(Stored records)
╭──
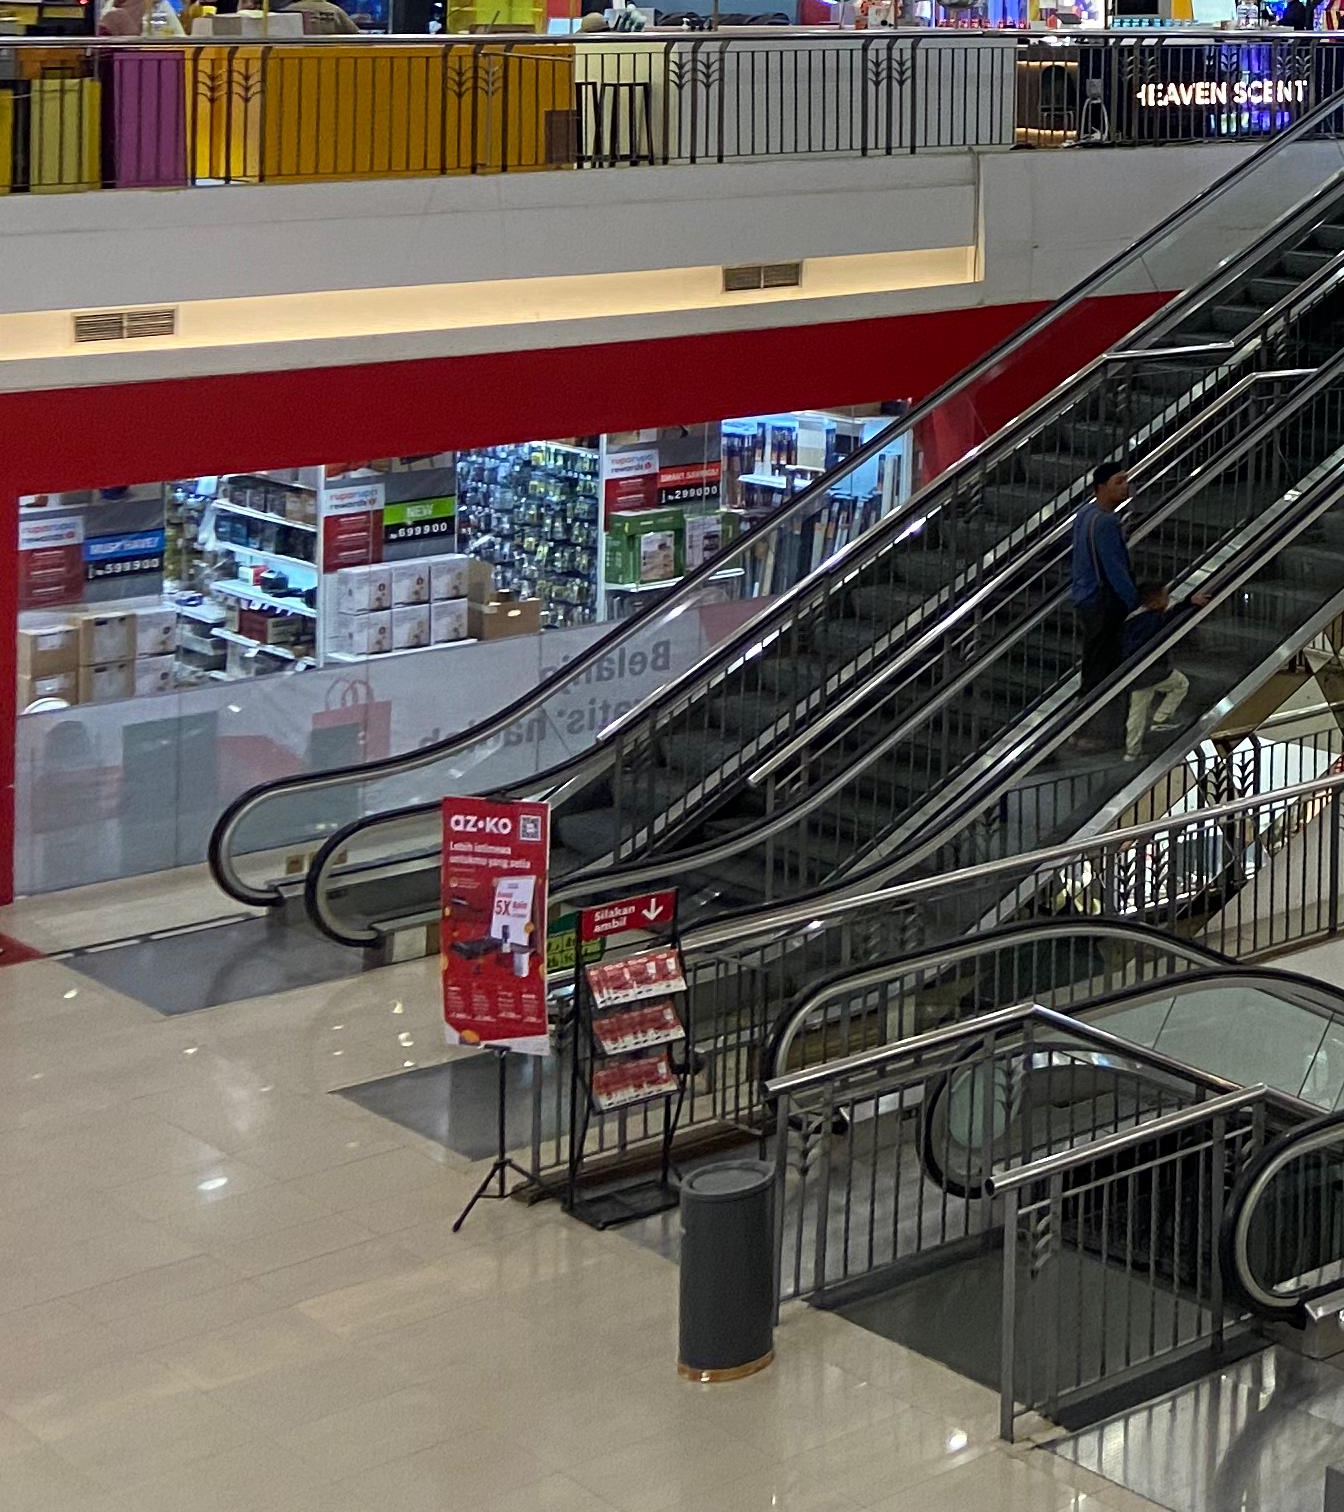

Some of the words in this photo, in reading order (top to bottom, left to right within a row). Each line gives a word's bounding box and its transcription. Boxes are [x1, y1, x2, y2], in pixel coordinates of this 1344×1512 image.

[1137, 80, 1228, 106] HEAVEN
[1233, 79, 1308, 104] SCENT
[594, 905, 636, 922] Silakan
[594, 916, 627, 933] ambil
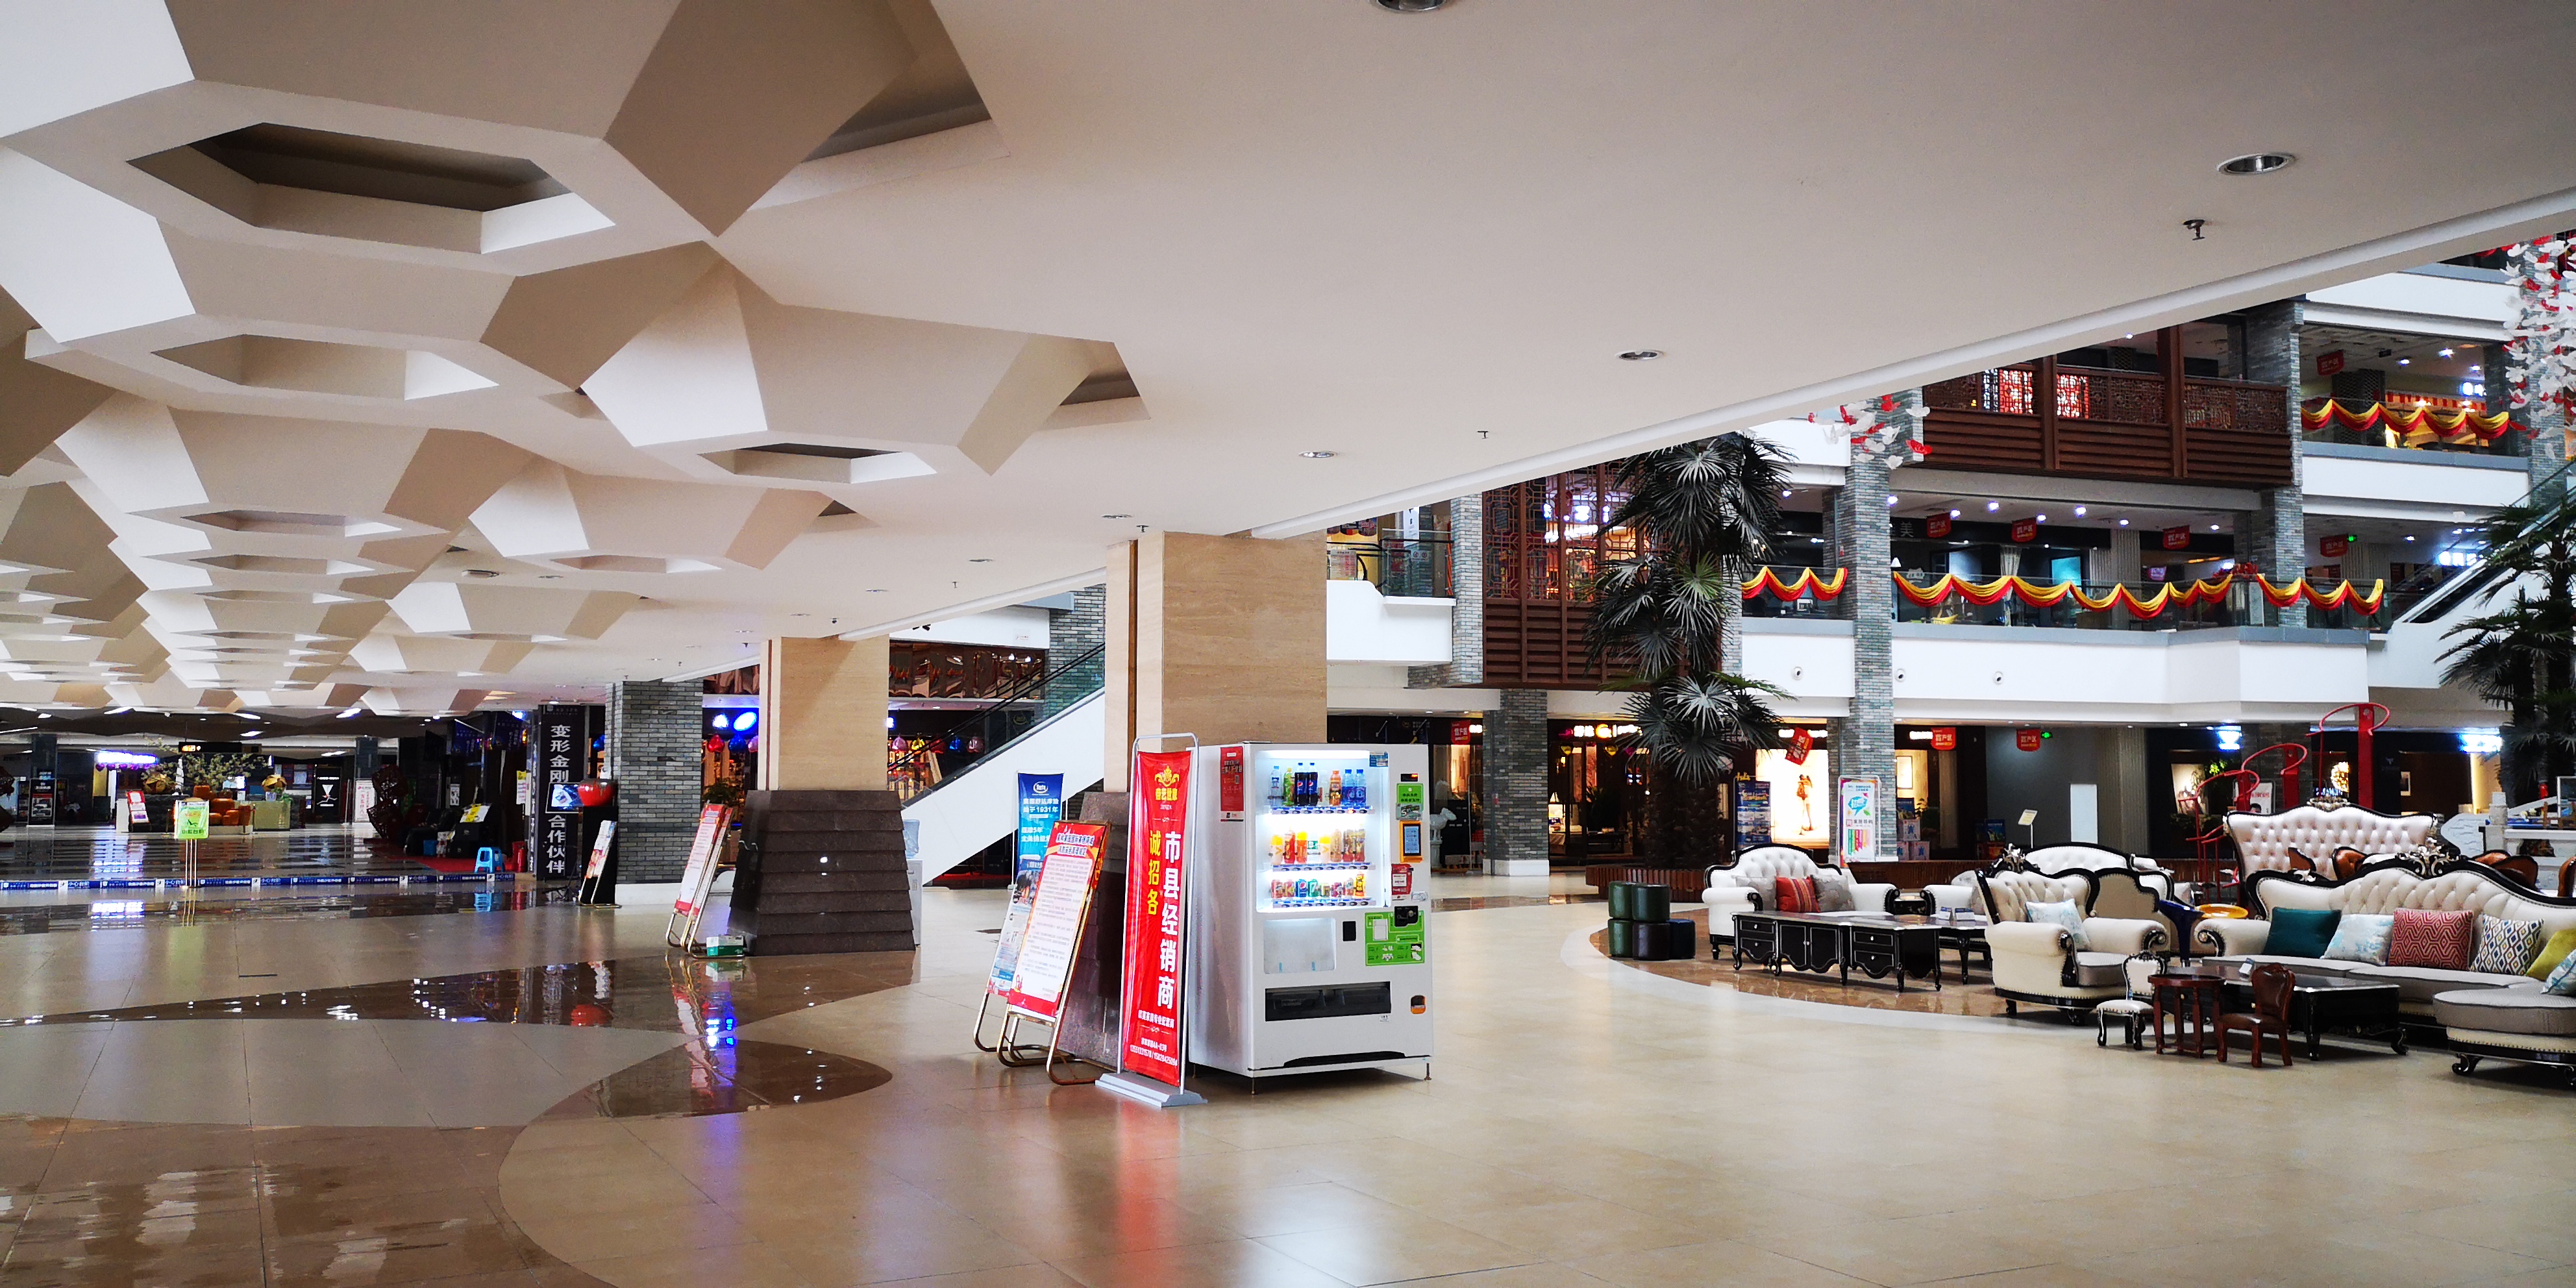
╰──
### What you will do:
Exclude the pictures and print the rest of the data exactly.

### Written solution:
Some of the words in this photo, in reading order (top to bottom, left to right within a row). Each line gives a word's bounding box and its transcription. Boxes are [x1, y1, x2, y2], in pixel coordinates of this 1344×1512 image.

[1137, 80, 1228, 106] HEAVEN
[1233, 79, 1308, 104] SCENT
[594, 905, 636, 922] Silakan
[594, 916, 627, 933] ambil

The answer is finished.